So, numerous problems and no easy solutions makes for a ride faster than a speeding bullet, and just as dangerous!

The characters in Deus Ex are all extraordinary individuals but are written in such a way they could be very real people. In this story, all the people introduced in Apocalypse are back, but some are expanded.

My favorite in this one is Ted "Boingy" Binghamton. He is the CEO of GravWorks. A former game programmer, he possesses a monster-sized sense of humor. Boingy will find the humor in all situations, no matter how grim. He’s the kind of boss I would want to work for. He seems very laid back, but he demands top performance from his people, but he does it without being overly demanding. He likes donuts and dunking them in his coffee (my kind of guy). 

Another favorite character was an octopus living in a Boston aquarium. I'll just leave that right there.

My favorite point of plot in Deus Ex is the mixture of various subjects to make the story thought provoking and informative. There is a mixture of science (both real and made-up) along with history, philosophy, politics, human relations, war and peace, and economics. While all the elements are fictitious, they all are relatable to situations we can read about every day in the news. While the reader will want to get on to the next element of the story, it wasn't uncommon for me to stop reading and contemplate what I had just read.

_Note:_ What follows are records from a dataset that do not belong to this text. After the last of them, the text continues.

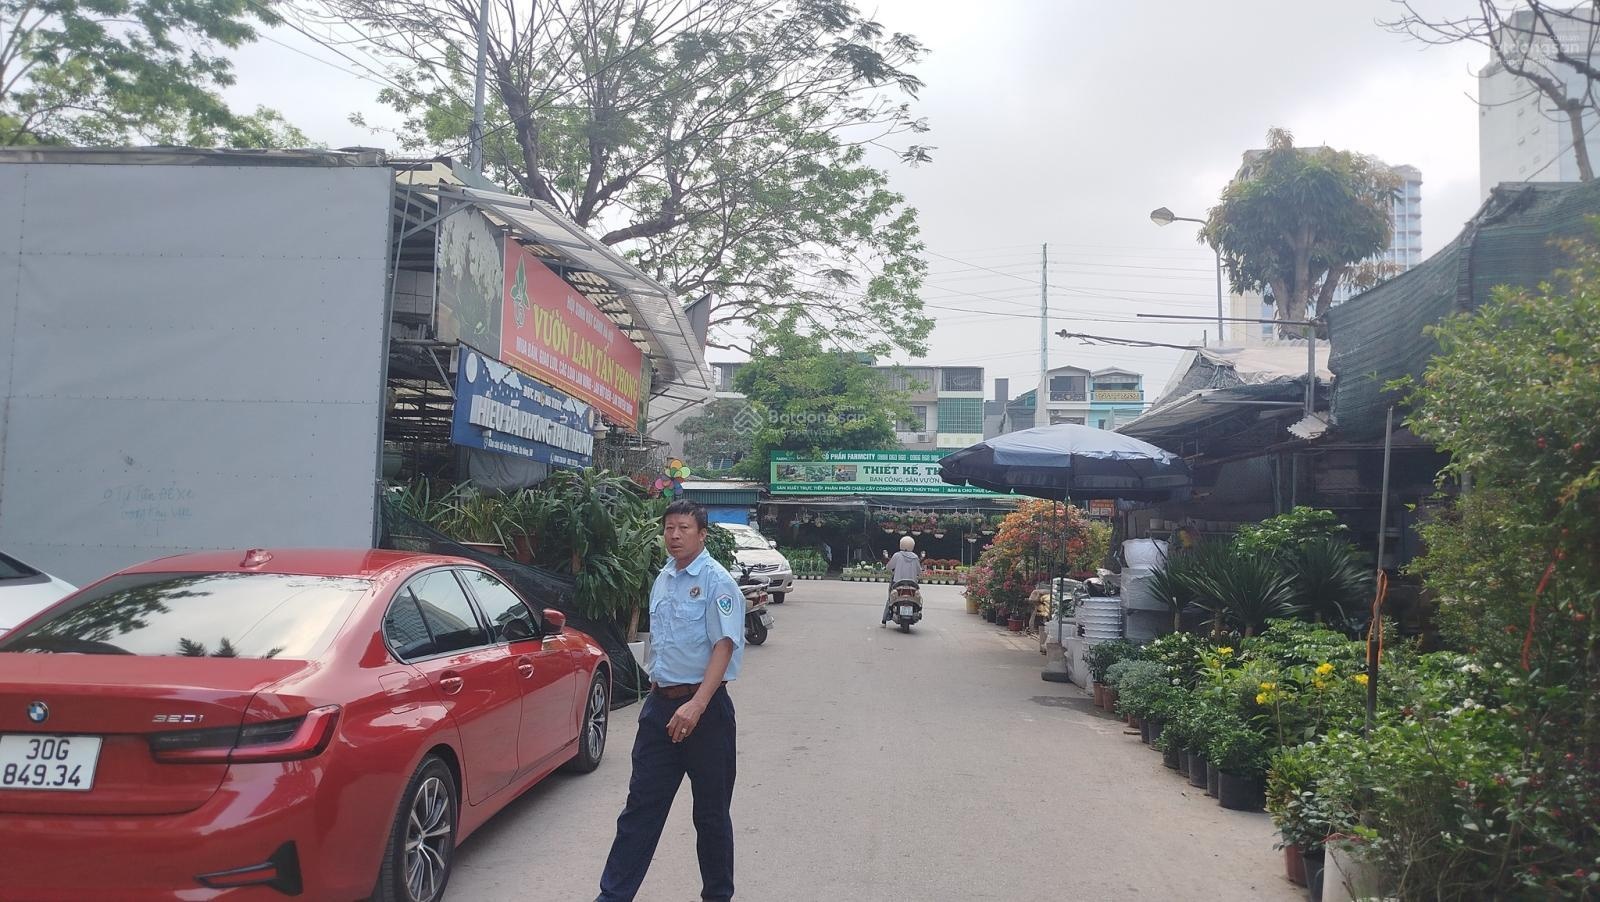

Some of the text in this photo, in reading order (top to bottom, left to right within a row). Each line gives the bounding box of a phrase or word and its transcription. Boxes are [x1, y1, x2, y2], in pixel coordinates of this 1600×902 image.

[533, 303, 570, 358] VƯỜN
[572, 331, 595, 373] LAN
[596, 342, 615, 386] TẤN
[615, 363, 639, 403] PHONG
[519, 407, 551, 446] PHONG
[847, 453, 876, 461] FARMCITY
[863, 464, 899, 475] THIẾT
[902, 464, 922, 476] KẾ,
[152, 714, 204, 723] 320i
[26, 738, 71, 761] 30G
[2, 763, 82, 787] 849.34

Another favorite part of Deus Ex was a chapter that had a subheading offering the reader to skip a chapter. I urge you not to do this! It's one of the best parts of the book!

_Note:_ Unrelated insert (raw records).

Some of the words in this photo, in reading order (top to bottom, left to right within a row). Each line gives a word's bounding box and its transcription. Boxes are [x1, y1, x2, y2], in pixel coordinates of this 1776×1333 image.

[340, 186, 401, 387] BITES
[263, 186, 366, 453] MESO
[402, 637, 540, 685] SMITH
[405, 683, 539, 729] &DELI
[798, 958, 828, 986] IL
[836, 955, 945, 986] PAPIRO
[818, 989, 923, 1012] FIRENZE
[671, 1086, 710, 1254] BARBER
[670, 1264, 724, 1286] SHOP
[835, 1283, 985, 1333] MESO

My takeaway from Deus Ex is to remember something I will quote. I see it as more of a warning for vigilance than anything...

"Humans evolved from chimps into chumps. And everyone with something to sell knows it." (Page 273)

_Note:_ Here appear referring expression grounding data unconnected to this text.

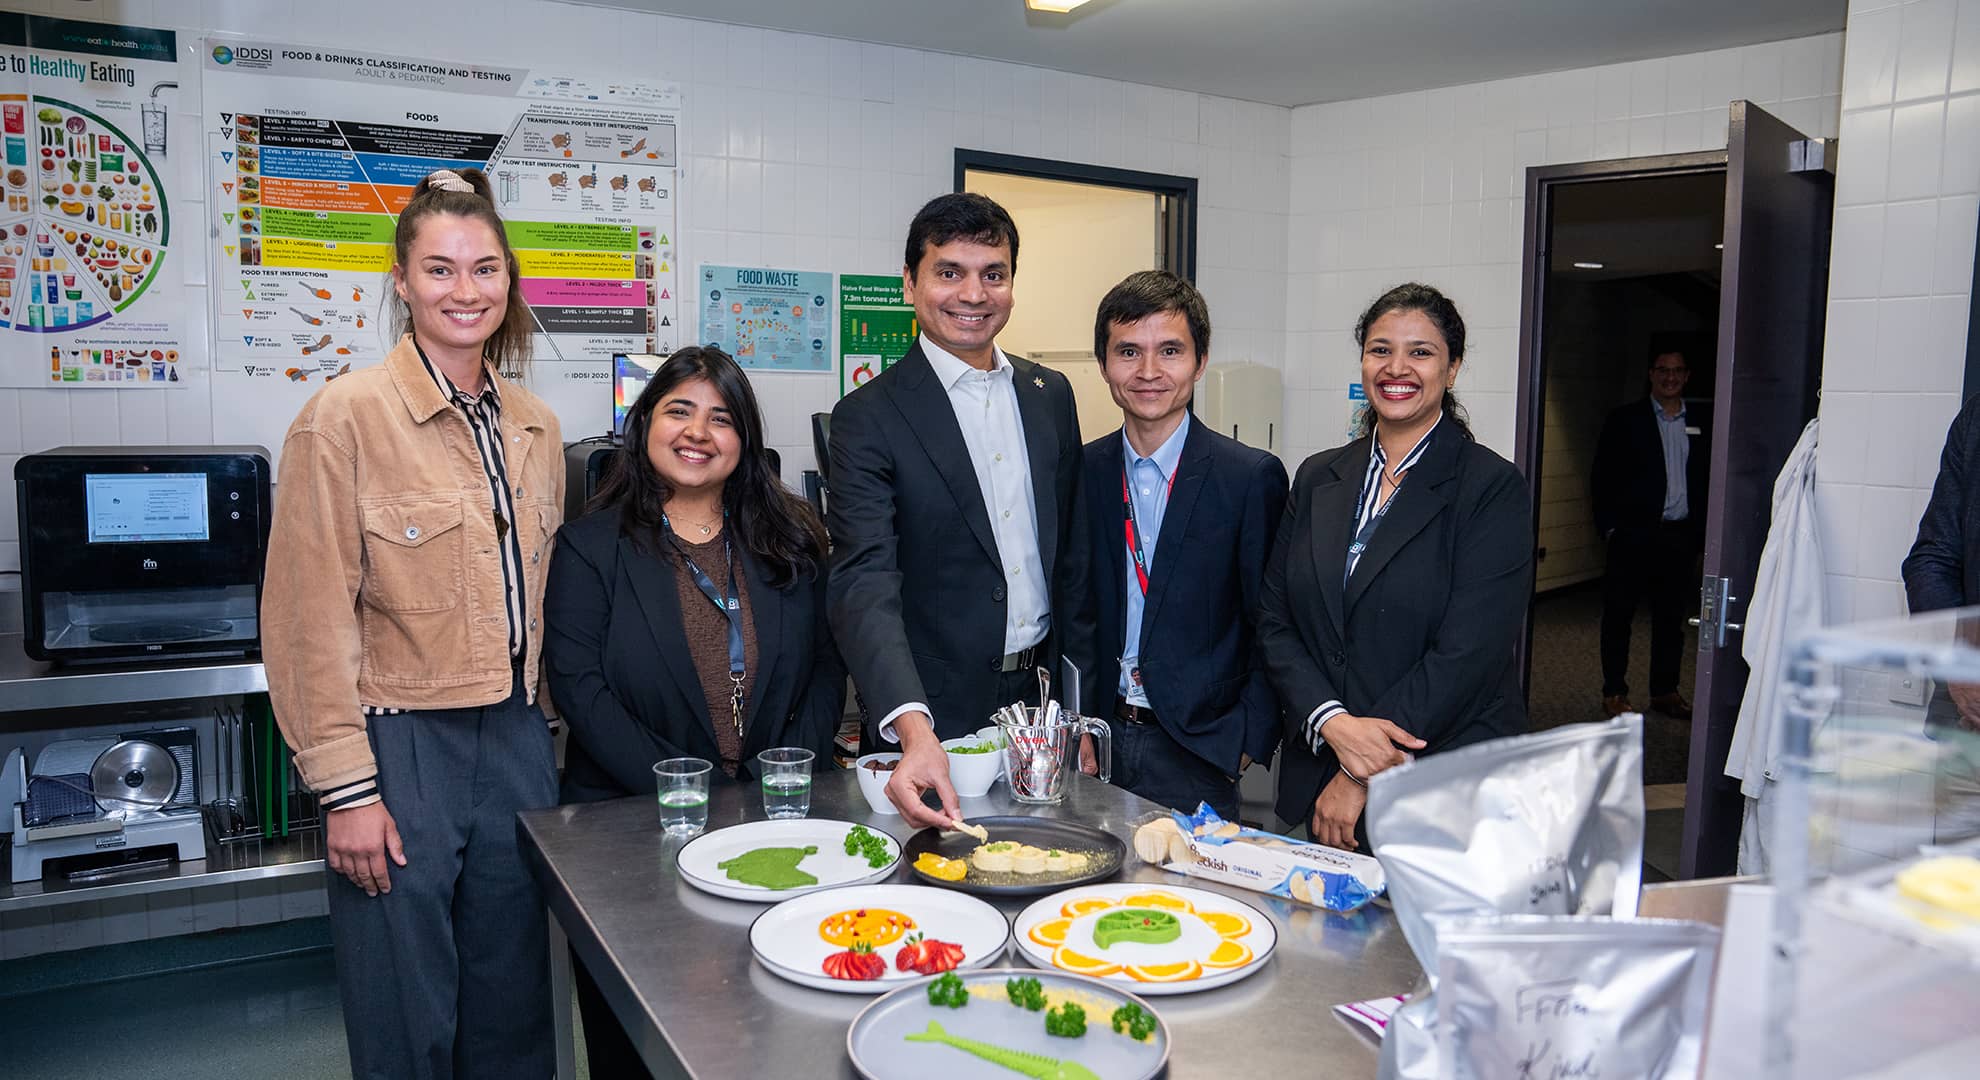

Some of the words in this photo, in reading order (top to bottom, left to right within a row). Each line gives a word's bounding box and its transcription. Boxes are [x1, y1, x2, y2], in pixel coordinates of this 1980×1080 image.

[236, 48, 272, 60] IDDSI
[12, 54, 25, 74] to
[30, 54, 86, 82] Healthy
[90, 62, 134, 88] Eating
[282, 50, 312, 60] FOOD
[315, 52, 322, 62] &
[325, 53, 363, 65] DRINKS
[366, 58, 446, 75] CLASSIFICATION
[448, 69, 468, 78] AND
[472, 71, 511, 82] TESTING
[355, 68, 386, 78] ADULT
[399, 72, 446, 85] PEDIATRIC
[406, 112, 439, 122] FOODS
[608, 123, 648, 131] INSTRUCTIONS
[537, 161, 580, 169] INSTRUCTIONS
[737, 270, 762, 285] FOOD
[765, 272, 798, 287] WASTE
[1232, 865, 1262, 878] ORIGINAL

Deus Ex Effing Machina is 762 pages of sheer fun and an opportunity to think and learn. I am eager to see where the author takes the story from here. Rick has a great sense of humor and knows how to use it. The writing in this book reminds me a little of Douglas Adams because it combines dire situations with a natural sort of hilarity that one might find in reality. A friend once told me when the chips were down, "never lose your sense of humor."

The length of the novel might seem intimidating, but the book reads quickly and is absolutely worth the time.

I gave my highest recommendations for Deus Ex Effing Machina along with the previous book in the series, Apocalypse Du Jour. The author warns the reader that before reading Deus Ex, it would be wise to read Apocalypse, and I completely agree!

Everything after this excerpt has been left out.